There is less public discourse on standardized testing today than a few years ago. This comes, partially at least, from President Donald Trump’s penchant for using twitter. His nearly daily tweets often chaotically careen from one topic to another.
Trump uses his twitter account to comment on issues like ACA, security, jobs, guns, taxes, foreign affairs, and Medicare/Medicaid. Trump tweets receive continuing media coverage. If he deems the media accounts insufficiently deferential to him, he unleashes a torrent of short and scathing remarks.
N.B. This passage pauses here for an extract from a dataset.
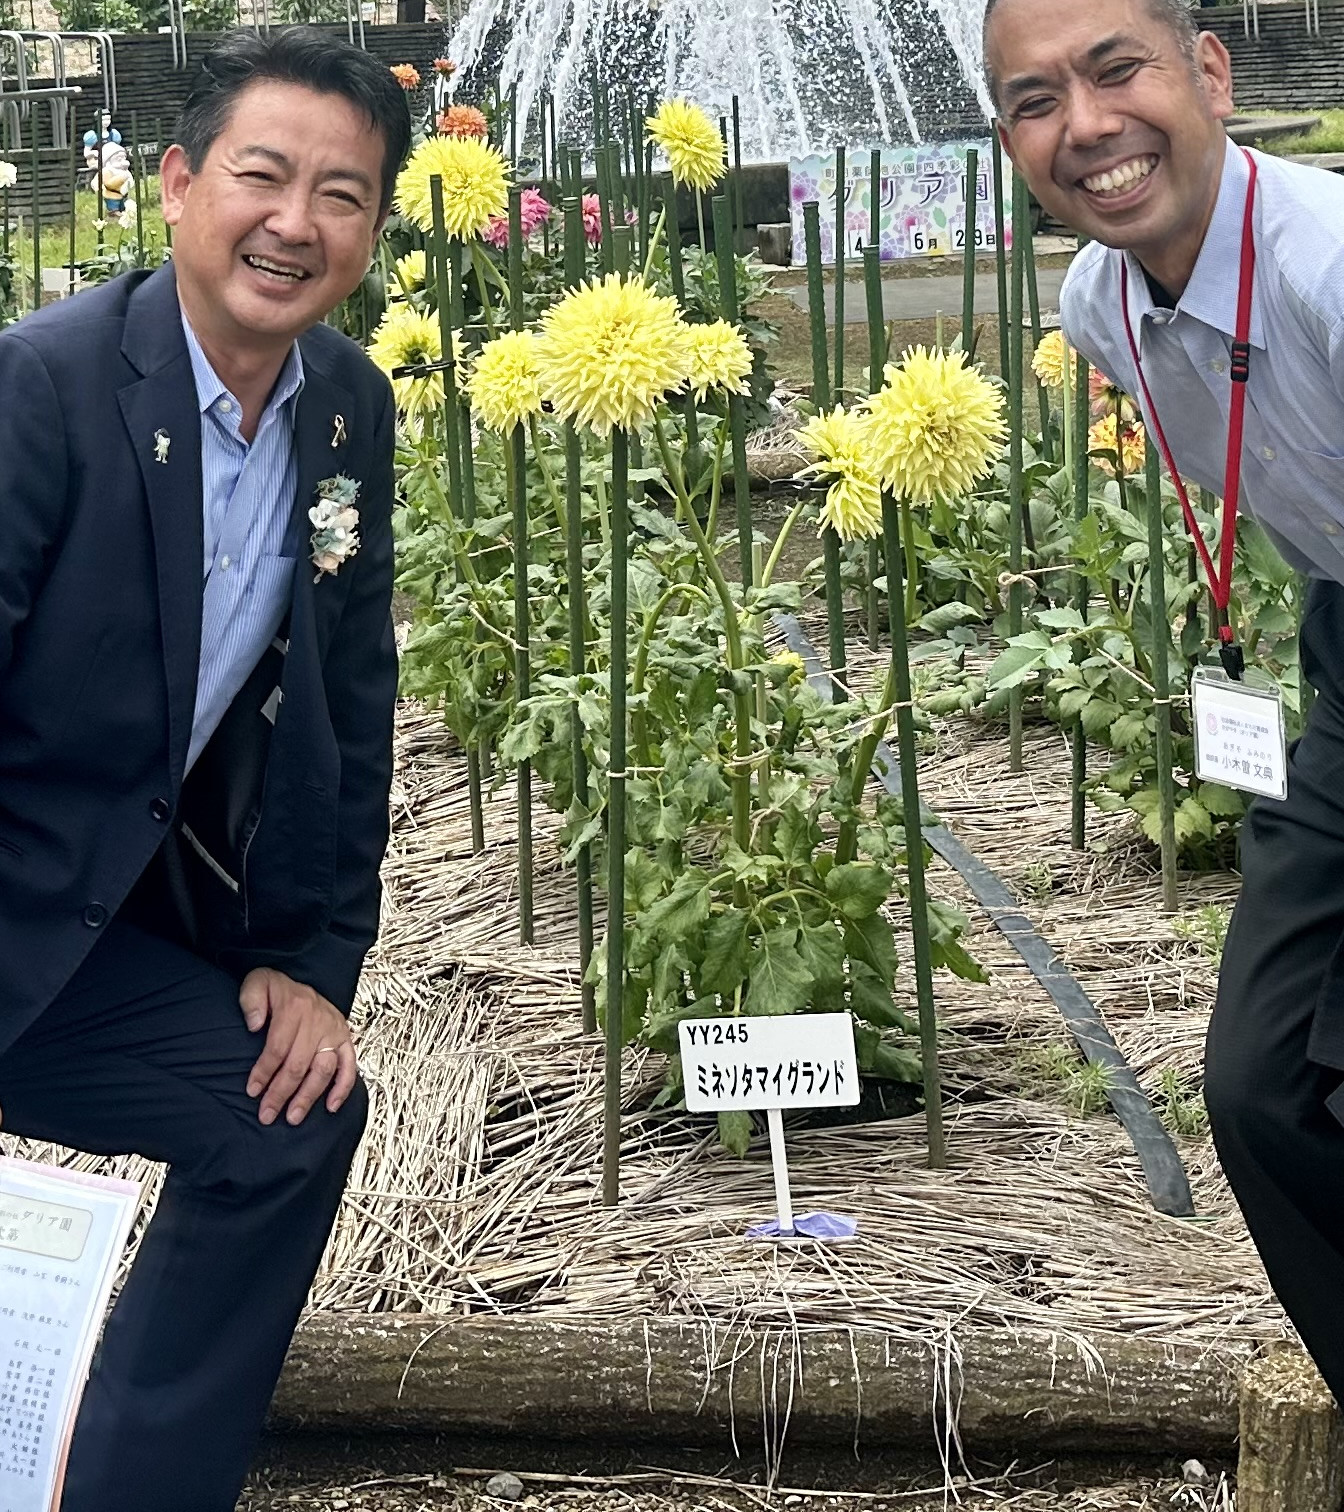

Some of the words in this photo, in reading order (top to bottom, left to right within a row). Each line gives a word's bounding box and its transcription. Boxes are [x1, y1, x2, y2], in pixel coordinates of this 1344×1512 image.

Education has been addressed by Trump and the GOP. In his inaugural address Trump referred to schools as “flush with cash.” He promoted cuts in school funding as a means to reduce federal budget shortfalls. Yet he also endorsed vouchers that enable parents to use public school money to enroll their children in private schools, including religious ones. If enacted, these measures that slash education spending and that subsidize private schools, would constitute an assault on public education.
Now modern standardized testing has been around for more than fifty years, and it has become the primary vehicle for assessing schools. Most of the current momentum for standardized testing in schools started with passage of the No Child Behind act in 2002 which received bipartisan support. This law mandated annual student testing in reading, science, and math for every state, with sanctions ranging from closure to placement on a watch list if a school fell short of the unattainable goal of 100% proficiency by 2014.
Schools struggled to meet these NCLB guidelines. The NCLB turned standardized testing into a big business. Some wealthy individuals and large corporations eagerly lined their pockets with public money.
Since the passage of NCLB act in 2002, the rigidity of the law’s mandates faced an avalanche of criticism from parents, unions, teachers, neighborhoods, and faith-based organizations. Attempts at the federal level to quell the storm largely failed. Finally, in December 2015, Congress replaced the NCLB with the Every Child Succeeds Act. Some of the ECSA reforms scaled back the most punitive portions of the NCLB. But testing remains the main factor in school rankings.
Standardized testing has created winners and losers. In economically and racially stratified school systems, the obsession with testing and data fuels the pressure on schools to operate more like corporate enterprises than community institutions. In more affluent communities, the new federal money is used to update facilities, increase teacher pay, and attract more students.
Today, around two-thirds of student achievement is a product of out-of-school factors, and among the most powerful of those is economic status. About a third of all public school students now come from low-income families. Poverty means black and Hispanic children often score lower on tests than white kids, not because of bad teachers and a lack of charter schools and school choice, but because of a basic lack of funding.
Studies indicate that poverty is the largest single cause of the student achievement gap. Inequalities of race, class, educational opportunity, and school funding result in disparate test scores. English language learners and those with disabilities face even greater challenges.
Teachers are often marginalized in the drive for standards and testing. Ironically this means ignoring those most familiar with education issues in favor of those with no direct classroom experience.
Rather than looking at schools as commercial ventures, we need public policies that bolster schools as intellectually vibrant places that encourage inquiry-based learning, that respect educators, that welcome parents, and that treat students with dignity.